Eva Darias-Beautell’s introduction to this collection establishes its focus on the cultural work done by Canadian literature and criticism since the nationalist moment of the early 1970s. It also proposes that the Penelopean act of sustained, simultaneous weaving and unweaving offers a fitting metaphor for that work – which was, simultaneously, to produce and deconstruct a literary tradition no less recognizable for being plural, transnational, and pointedly critical of dominant narratives.

Most of the chapters might indeed be seen, as Darias-Beautell suggests, as analyzing the unweaving and weaving work of literary and critical projects. Coral-Ann Howells highlights the pressures to assemble and dismantle tradition in composing a Canadian literary history. Surveying histories published since Atwood’s Survival, she sees them simultaneously interrogating and reconstructing a manifold national narrative; some of them, she observes, show the strain of these contradictory efforts. Smaro Kamboureli finds fault lines in a recent series of calls to establish Asian-Canadian area studies; once established, she cautions, area studies may reproduce the same canonizing gestures they intend to contradict. Noting that the later calls cite earlier ones, apparently without noticing their problematic values and mistaken histories, Kamboureli encourages scholars to “read [one another] closely.”

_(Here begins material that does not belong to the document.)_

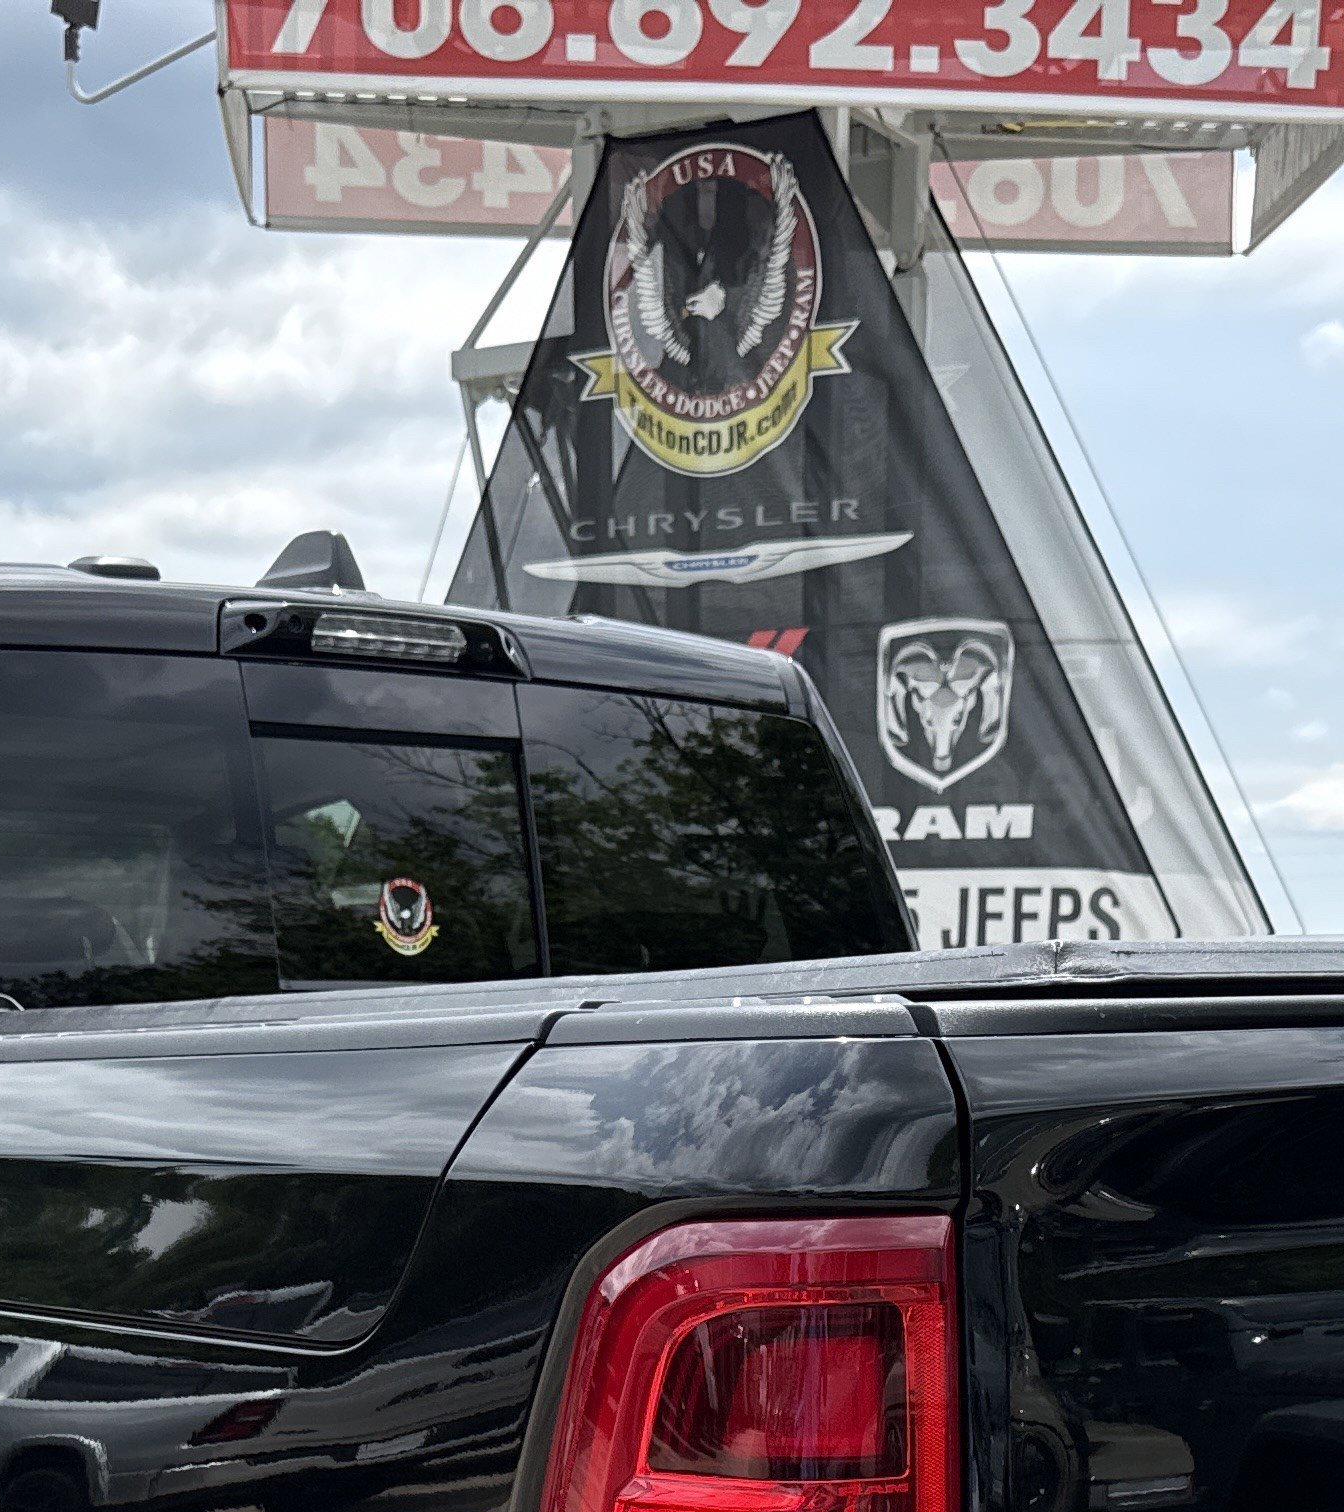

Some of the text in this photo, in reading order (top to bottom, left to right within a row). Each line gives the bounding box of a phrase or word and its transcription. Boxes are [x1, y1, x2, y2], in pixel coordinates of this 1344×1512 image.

[671, 153, 737, 186] USA
[612, 268, 815, 418] CHRYSLER DODGE JEEP RAM
[569, 499, 861, 542] CHRYSLER
[870, 803, 1035, 841] RAM

Other chapters direct attention to the Penelopean projects of select literary texts. Ana María Fraile discusses how certain novels problematize Canadian and African-Canadian national identities, respectively, by undercutting multiculturalism’s supposed colour-blindness and by describing evolving mixed-race subjectivities. Belén Martín-Lucas discusses how speculative fictions reimagine the positions that normative visions of Canadianness allot to racialized women citizens, by re-envisioning trans-national feminist subjects as queer mutants with the power to shed their skins. Richard Cavell observes in Jane Rule’s writing an alternative, queer model of collectivity to that offered by national “cultural memory” – a model that is partial and present rather than total and perpetual, affective [End Page 494] and local rather than statist, and focused by the particular intimacies of mourning rather than official memories. Michèle Lacombe surveys Indigenous literary theory in Canada, indicating its communal, synthesizing, and decolonizing values and its resistant conversation with Western theory. She reads stories by Indigenous writers, annotating their intertextual engagement with each other and with Indigenous theory.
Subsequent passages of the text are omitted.